Di tengah riuh panen itu, saya melihat seorang pemuda mengenakan kaos lengan panjang, topi lusuh, dan celana yang sudah belepotan lumpur. Di tangannya, sebuah tongkat kayu ia ayunkan perlahan sambil bersiul, mengarahkan ratusan itik yang bergerak seperti karpet hidup di atas tanah yang baru saja dipanen. Aroma jerami basah bercampur dengan riak air kecil di sela pematang, menjadi latar aktivitas yang begitu alami.
Pemuda itu adalah Aldi (32), warga Sumber Jati, Kelurahan Pajalesang, Kecamatan Lilirilau. Bagi Aldi, sawah bukan sekadar tanah yang ditumbuhi padi. Itu adalah ladang masa depan. Meski pernah menempuh pendidikan penerbangan dan bekerja di kota, ia memutuskan kembali ke kampung. Alasannya sederhana: di sawah, ia adalah “pimpinan” bagi dirinya sendiri. Tak ada tekanan atasan, hanya jam kerja yang diatur oleh alam dan musim.
Usaha ternaknya berjalan seiring dengan pertanian. Di kandangnya, 600 ekor itik yang digembalakan berpindah-pindah bahkan sampai luar kabupaten, terutama saat musim panen padi. Dari jumlah itu, rata-rata 400 butir telur ia panen setiap hari. Pada musim puncak, penghasilannya bisa mencapai Rp600 ribu per hari, atau sekitar Rp10 juta per bulan. Ia tahu betul bahwa ada masa jeda, tiga bulan tiap tahun untuk ganti bulu, dan enam bulan pertama untuk perkembangan sebelum itik mulai bertelur.
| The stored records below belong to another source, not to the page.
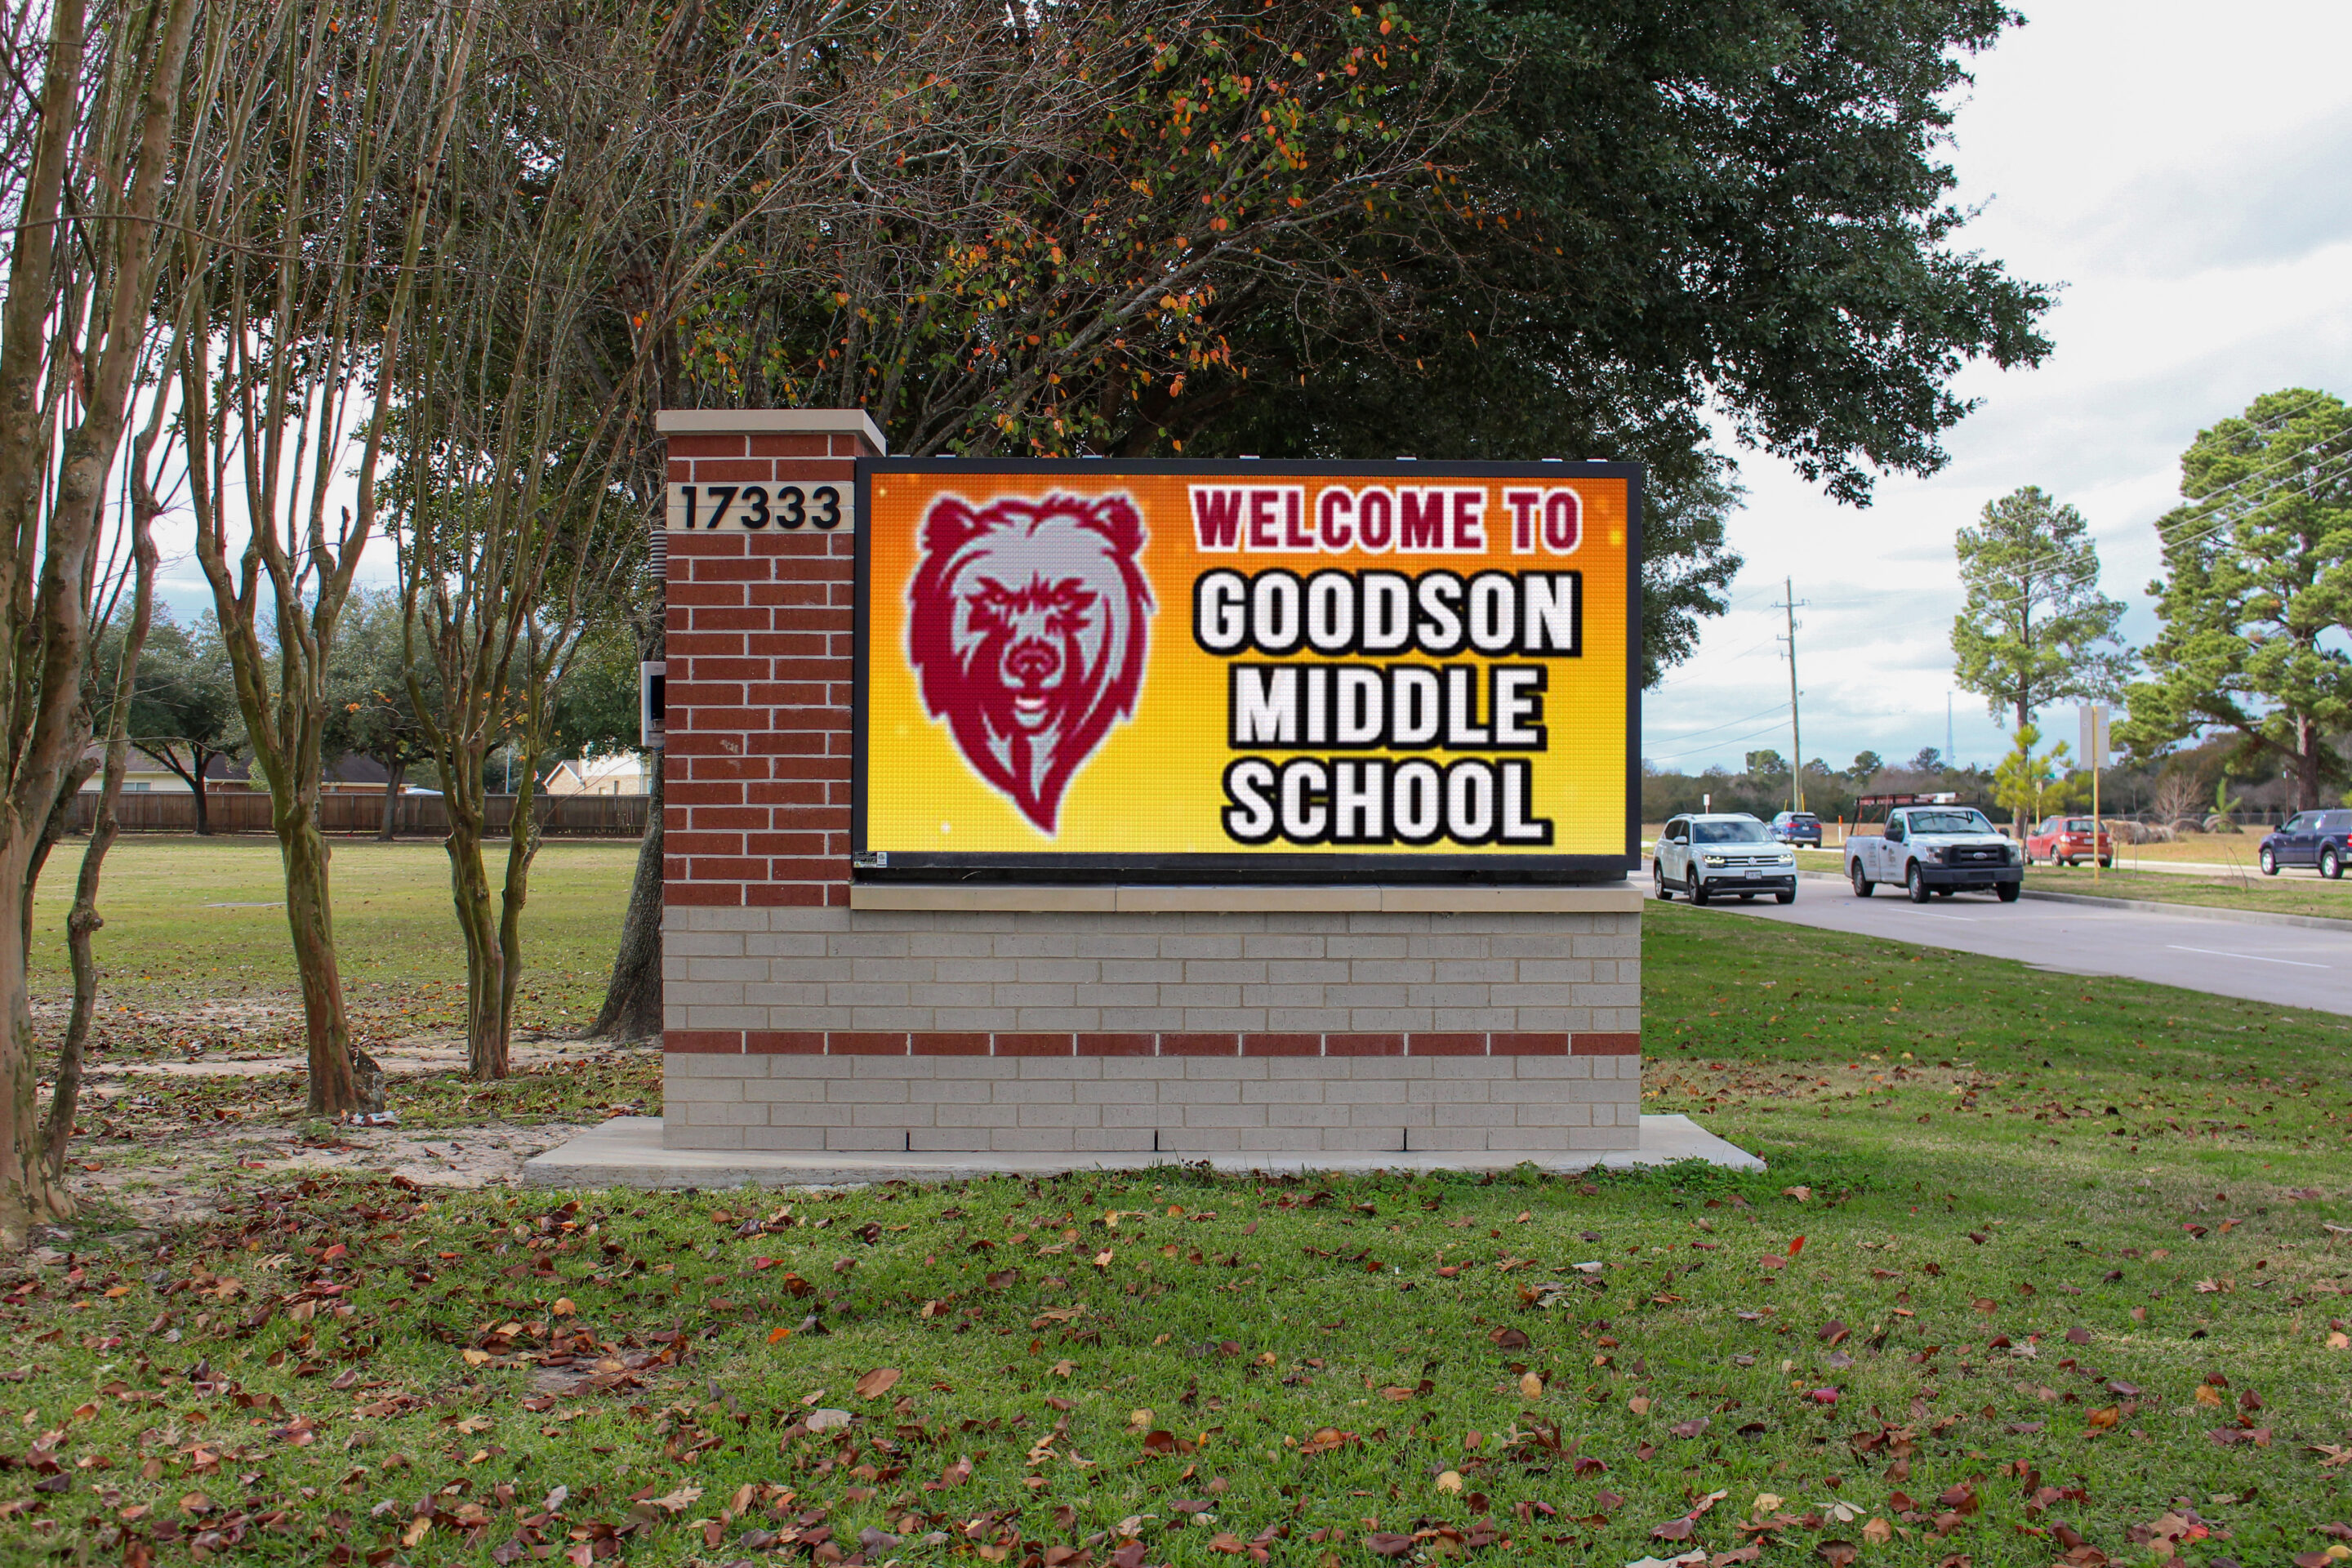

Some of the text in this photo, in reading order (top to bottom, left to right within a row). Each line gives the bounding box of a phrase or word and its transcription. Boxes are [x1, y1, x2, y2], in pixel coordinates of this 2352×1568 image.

[681, 485, 841, 529] 17333
[1192, 488, 1580, 551] WELCOME TO
[1196, 571, 1577, 653] GOODSON
[1232, 666, 1544, 746] MIDDLE
[1225, 758, 1549, 841] SCHOOL
Selain itik, Aldi memelihara sembilan ekor sapi. Tiga di antaranya betina produktif, mampu menghasilkan anak sapi yang betina, bila dijual pada usia setahun lebih, dihargai sekitar Rp8 juta per ekor. Sapi jantan berusia dua tahun bisa mencapai Rp15 juta.
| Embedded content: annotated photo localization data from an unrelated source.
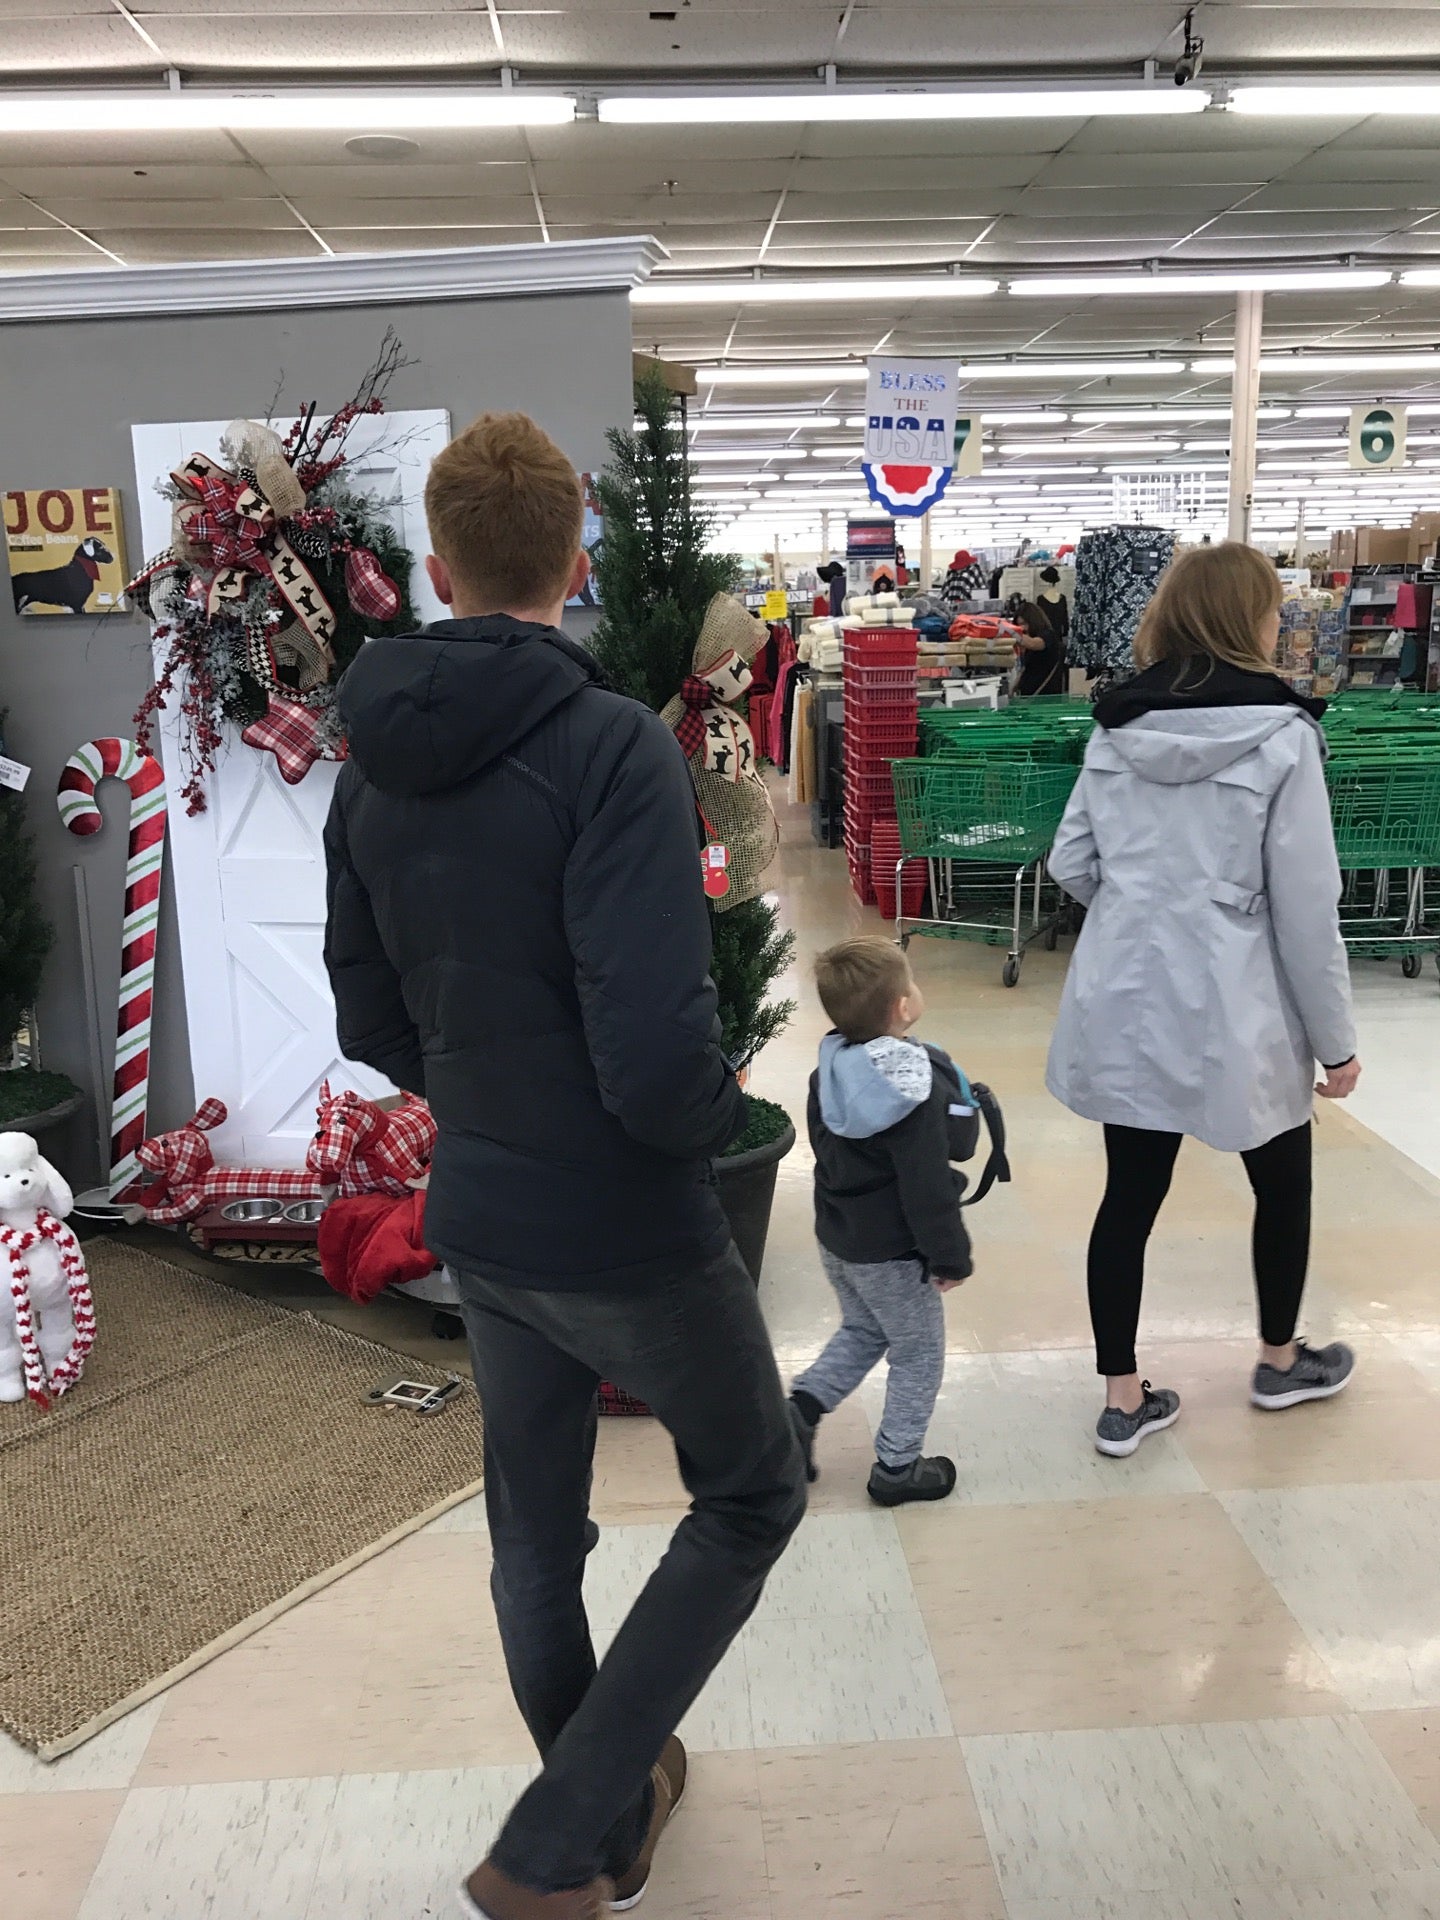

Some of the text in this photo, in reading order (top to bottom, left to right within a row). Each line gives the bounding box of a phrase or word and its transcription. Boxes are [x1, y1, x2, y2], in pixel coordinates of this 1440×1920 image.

[878, 371, 947, 393] BLESS
[894, 397, 929, 412] THE
[867, 416, 947, 461] USA
[1360, 409, 1395, 464] 6
[7, 489, 112, 534] JOE
[8, 534, 79, 546] Coffee Beans
“Bertani itu bukan kerja kotor, tapi kerja mulia. Kita yang mengatur waktu, dan hasilnya bisa melebihi yang kita bayangkan.”
Semua ia kelola sebagai perencanaan keuangan, jangka pendek dari telur itik yang setiap hari bisa dijual, jangka menengah dari hasil panen padi dari sawah dan jangka panjang dari penjualan sapi.
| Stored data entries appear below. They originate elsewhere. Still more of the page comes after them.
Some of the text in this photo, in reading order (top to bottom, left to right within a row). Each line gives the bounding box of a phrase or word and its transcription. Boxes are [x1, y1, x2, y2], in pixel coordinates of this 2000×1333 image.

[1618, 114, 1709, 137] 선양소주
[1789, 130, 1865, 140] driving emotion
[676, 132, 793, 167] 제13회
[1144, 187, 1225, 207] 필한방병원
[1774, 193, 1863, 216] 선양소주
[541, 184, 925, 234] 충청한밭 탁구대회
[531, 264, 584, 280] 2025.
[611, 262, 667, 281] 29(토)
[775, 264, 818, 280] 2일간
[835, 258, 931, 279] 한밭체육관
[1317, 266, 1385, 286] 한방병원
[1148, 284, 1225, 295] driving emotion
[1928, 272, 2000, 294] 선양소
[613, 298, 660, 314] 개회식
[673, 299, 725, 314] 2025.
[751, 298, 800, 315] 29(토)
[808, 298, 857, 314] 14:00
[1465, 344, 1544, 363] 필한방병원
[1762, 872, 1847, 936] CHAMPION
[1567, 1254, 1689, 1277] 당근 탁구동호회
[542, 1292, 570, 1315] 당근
“Saya pernah merasakan kerja di kota, tapi di sini saya merasa lebih hidup,” ujarnya sambil tersenyum, menatap hamparan sawah yang baru saja ia lalui bersama ratusan itiknya.
Di tengah gempuran cerita bahwa bertani adalah pilihan terakhir, kisah Aldi mematahkan stigma itu. Ia membuktikan, dengan perhitungan yang matang dan semangat untuk mandiri, sawah dan ternak bisa menjadi sumber kehidupan yang layak bahkan lebih sejahtera dari gaji karyawan biasa.
Bagi Aldi, tanah kelahiran bukan tempat untuk sekadar pulang, melainkan tempat untuk membangun masa depan. Pesannya pada pemuda lain sederhana: “Bertani itu bukan kerja kotor, tapi kerja mulia. Kita yang mengatur waktu, dan hasilnya bisa melebihi yang kita bayangkan.”
Di bawah langit senja Lacappeang, kata-kata itu mengendap seperti aroma gabah yang baru dipanen hangat, menghidupkan, dan memberi harapan.